Un dischetto da 5,25 pollici. Credit: Mentalo 67

Il computer che comprai in seguito, un Amstrad, aveva il sistema operativo, il DOS della IBM, che si caricava in memoria da un dischetto da 5 pollici e ¼, uno strano oggetto che i ragazzi del 2016 probabilmente non hanno mai neppure sentito nominare. All’inizio degli anni ’90 acquistai il mio primo disco rigido: 40 megabyte a un costo equivalente a diverse centinaia di euro attuali. Poco più di vent’anni dopo, e per una cifra molto minore, ho potuto comprare un disco rigido da 2 terabyte, la cui capienza è 50.000 volte maggiore del disco che pagai a caro prezzo ai tempi della prima guerra del Golfo.

Qualcosa di ancor più incredibile è accaduto alla potenza di elaborazione dei computer domestici: si è passati dalla grafica minimale di Pac-man a mondi simulati dagli scenari iper-realistici, così estesi che non basterebbe una vita intera per esplorarli completamente. Tutto ciò senza parlare di Internet, della banda larga, della possibilità di trasferire terabyte di dati da un capo all’altro del mondo in pochi minuti o addirittura secondi. Certo, moltissimi non hanno ancora accesso alle tecnologie più sofisticate, però è un fatto che esistono. E, comunque, un qualsiasi modello di smartphone — un aggeggio che si trova ormai nelle tasche di chiunque, dalla Mongolia alla foresta amazzonica — ha molta più potenza di elaborazione del computer di bordo del modulo di allunaggio delle missioni Apollo.

Nel campo dell’energia, invece, siamo ancora lontanissimi da una rivoluzione paragonabile a quella che c’è stata in campo informatico. Agli inizi degli anni ’50 del secolo scorso cominciavano le vendite di UNIVAC I, il primo computer commerciale della storia: era una sorta di mostro preistorico a confronto di un MacBook o di un Microsoft Surface odierni. Negli stessi anni in cui UNIVAC I era il computer di punta dell’industria informatica, le automobili andavano a benzina già da molto tempo… e vanno a benzina ancora oggi, 65 anni dopo. Sì, è vero, abbiamo anche le auto elettriche e persino quelle a idrogeno come la Toyota Mirai, ma il grosso dell’energia — per i trasporti, l’industria, il riscaldamento ecc. — viene ancora dai combustibili fossili. In Cina quasi non si respira più, perché un miliardo e mezzo di persone vive ancora usando il carbone e i derivati del petrolio per larga parte dei suoi bisogni energetici. Si stanno facendo, in verità, grandi sforzi per aumentare la produzione di energia solare ed energia eolica, ma sono altrettanto grandi gli sforzi per ricavare, pericolosamente, petrolio e gas da giacimenti come quelli canadesi, in cui la produttività è scarsa e la distruzione ambientale notevole. Gli impianti nucleari a fissione, dal canto loro, sono una soluzione controversa e certamente provvisoria: le scorte di uranio e plutonio sono limitate e i rischi ecologici enormi (vedi Fukushima).

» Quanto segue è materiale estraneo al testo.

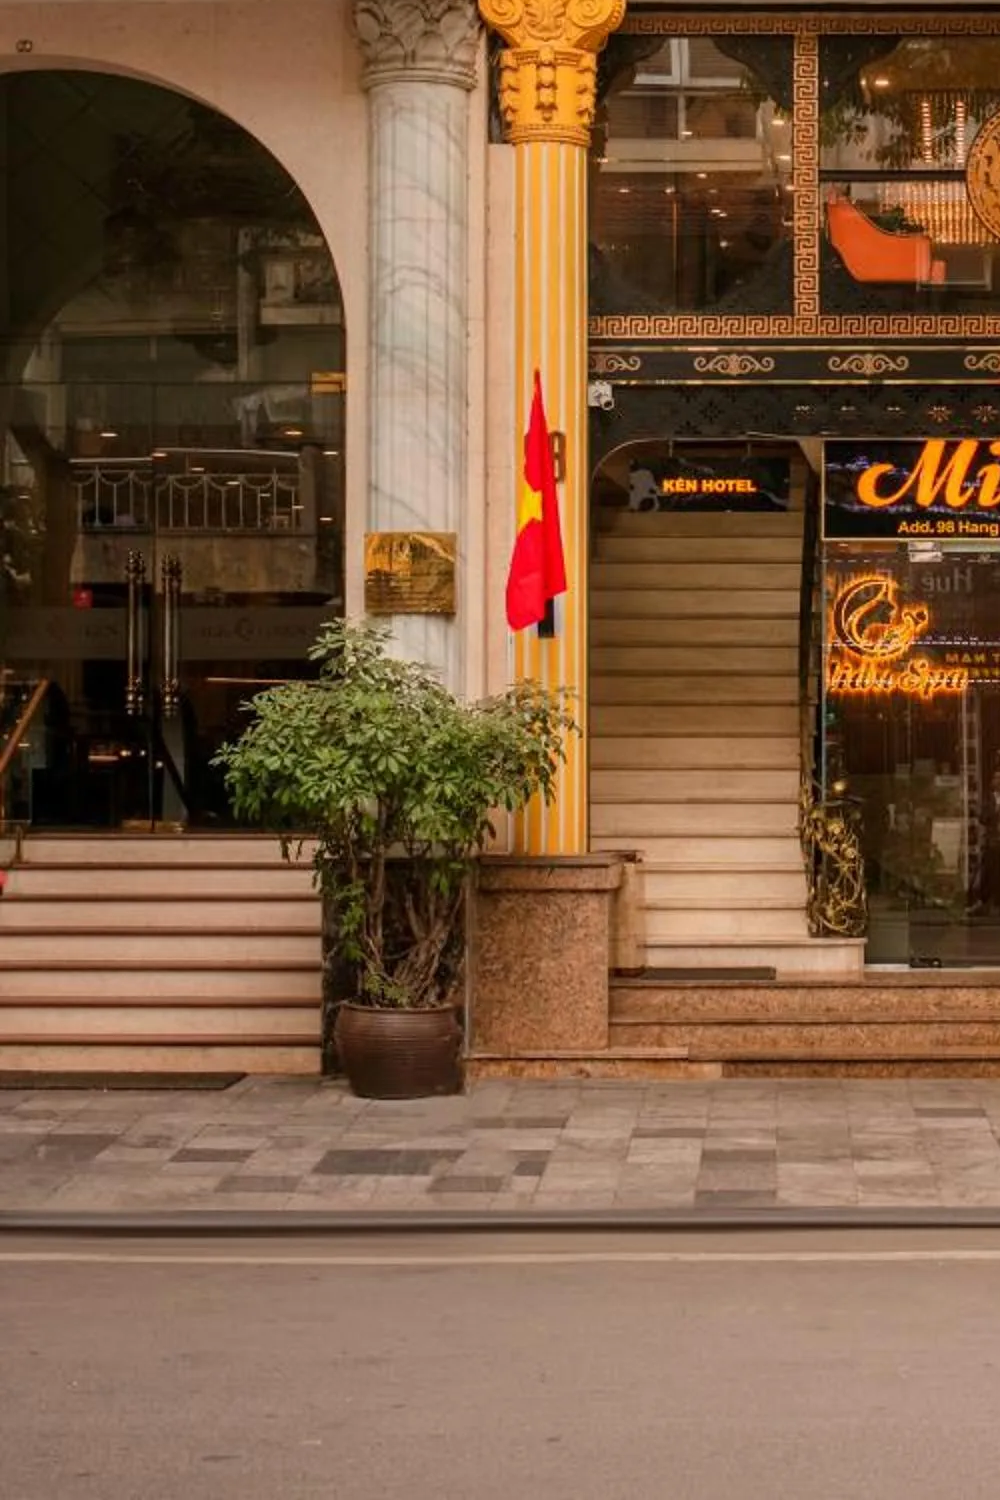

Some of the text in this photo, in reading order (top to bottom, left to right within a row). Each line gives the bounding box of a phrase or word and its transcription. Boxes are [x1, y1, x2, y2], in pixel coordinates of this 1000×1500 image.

[702, 479, 757, 492] HOTEL
[898, 521, 935, 533] Add.
[958, 521, 999, 536] Hang
[898, 659, 969, 699] Spa
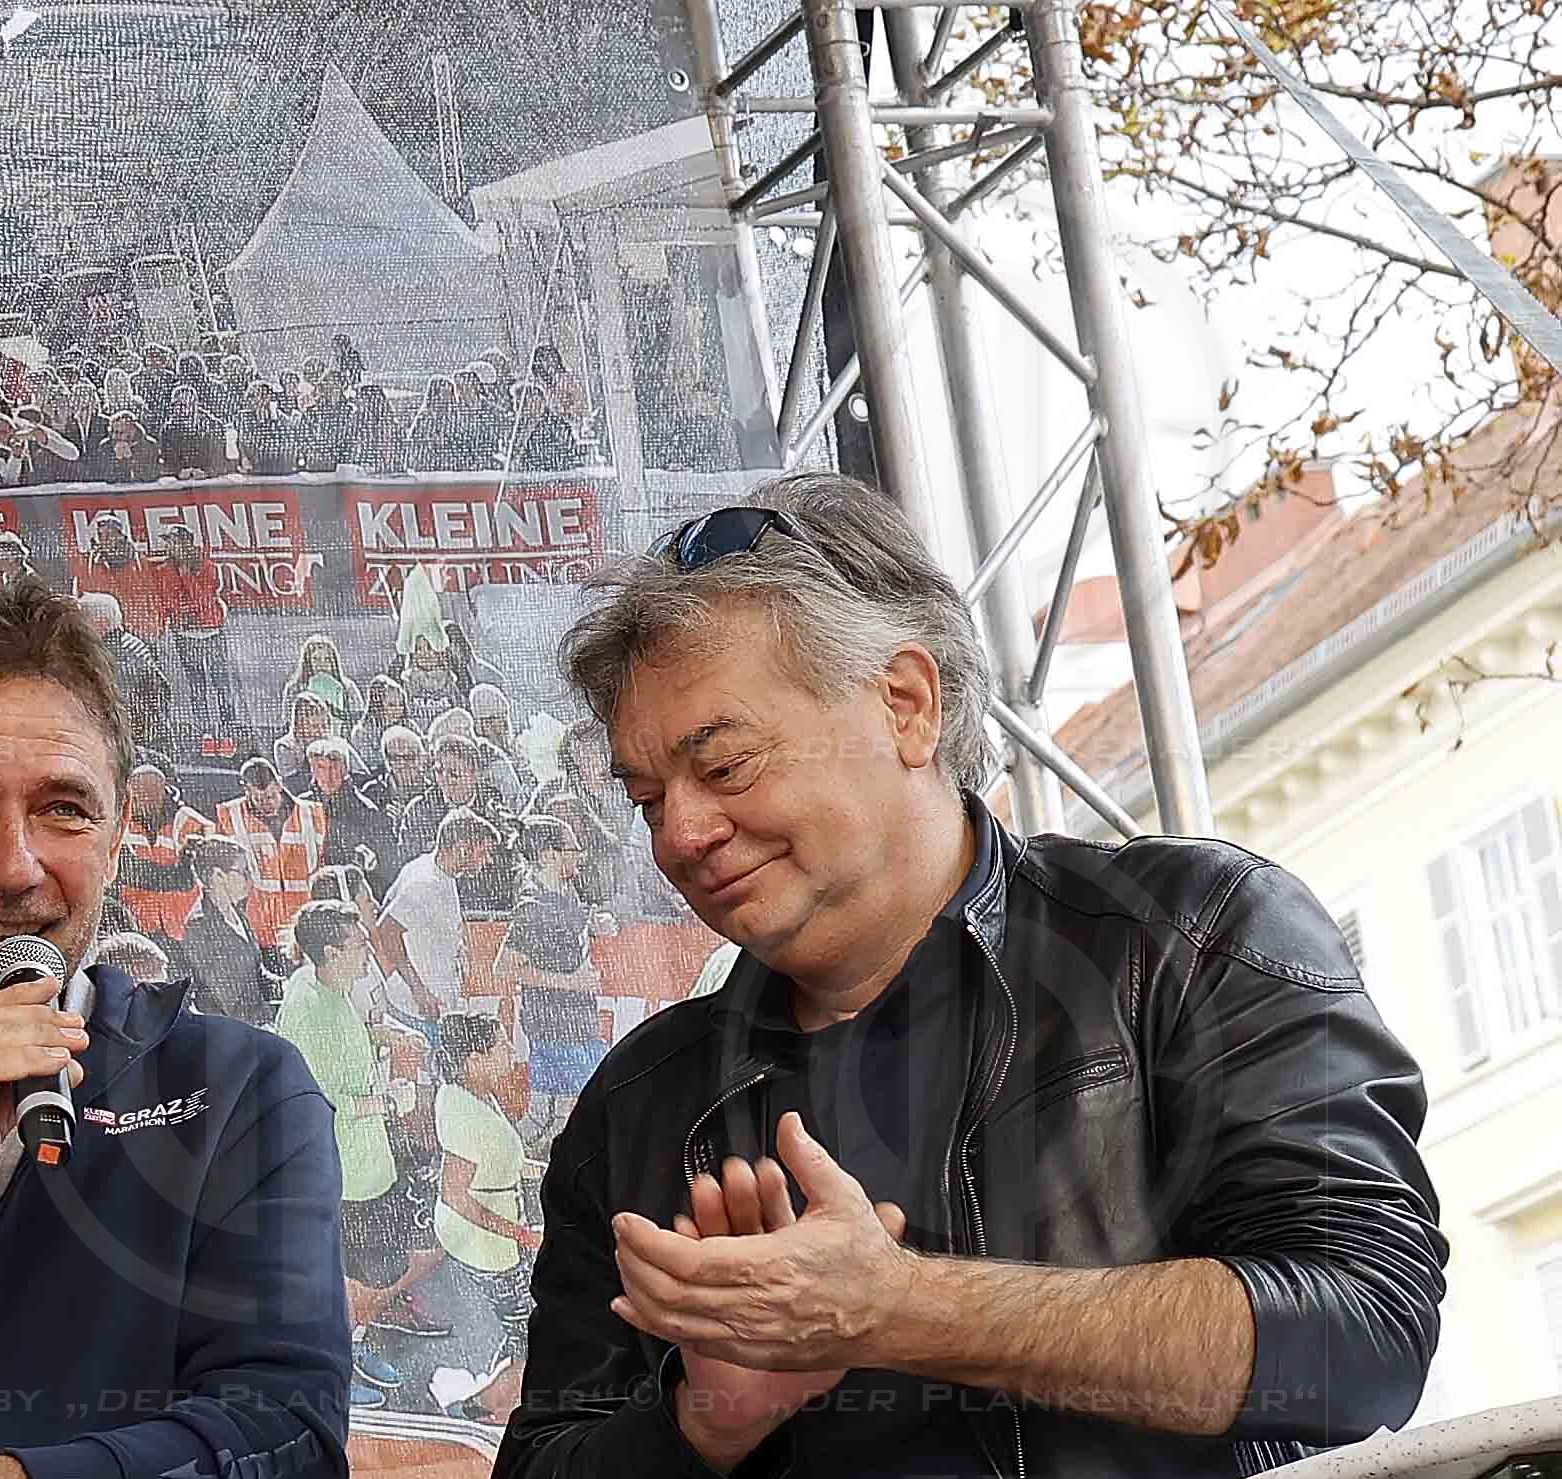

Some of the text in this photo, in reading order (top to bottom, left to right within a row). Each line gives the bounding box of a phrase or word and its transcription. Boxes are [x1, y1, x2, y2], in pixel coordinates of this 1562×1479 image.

[356, 499, 589, 549] KLEINE
[119, 1098, 182, 1125] GRAZ
[104, 1117, 166, 1136] MARATHON

La fusione nucleare, dunque, era e resta il vero sogno nel campo dell’energia. Poter ricreare sulla Terra le condizioni che consentono a quattro nuclei di idrogeno di fondersi, formando un nucleo di elio e liberando energia secondo le vantaggiosissime condizioni dell’equazione di Einstein (E=mc²), vorrebbe dire procurarsi un piccolo Sole a uso e consumo degli umani. Significherebbe avere improvvisamente a disposizione una quantità di energia pressoché infinita.

È per questo sogno che, da almeno settant’anni, alcune delle menti più brillanti del pianeta si arrovellano per trovare un sistema praticabile per replicare la fusione nucleare qui sulla Terra. I problemi teorici e pratici da superare sono immensi e nascono da un limite invalicabile che impedisce di creare un meccanismo del tutto simile a quello con cui funziona il Sole: la gravità.

La gravità rende il Sole una perfetta macchina per la fusione nucleare. Una massa di quasi due quadriliardi di tonnellate preme sul nucleo solare, creando condizioni di pressione, densità e temperatura tali da consentire a una sufficiente quantità di nuclei di idrogeno di superare la reciproca repulsione elettromagnetica (la barriera di Coulomb) e di fondersi, dando il via alle reazioni che producono l’energia che il Sole irradia senza sosta nello spazio. L’enorme massa che grava sul nucleo solare agisce inoltre come un ottimo sistema di confinamento: il plasma denso e caldo all’interno del quale l’idrogeno si trasforma in elio non ha la possibilità di disperdersi all’esterno e di raffreddarsi, sicché le reazioni possono continuare a tempo indeterminato, come stanno facendo da almeno 4 miliardi e mezzo di anni.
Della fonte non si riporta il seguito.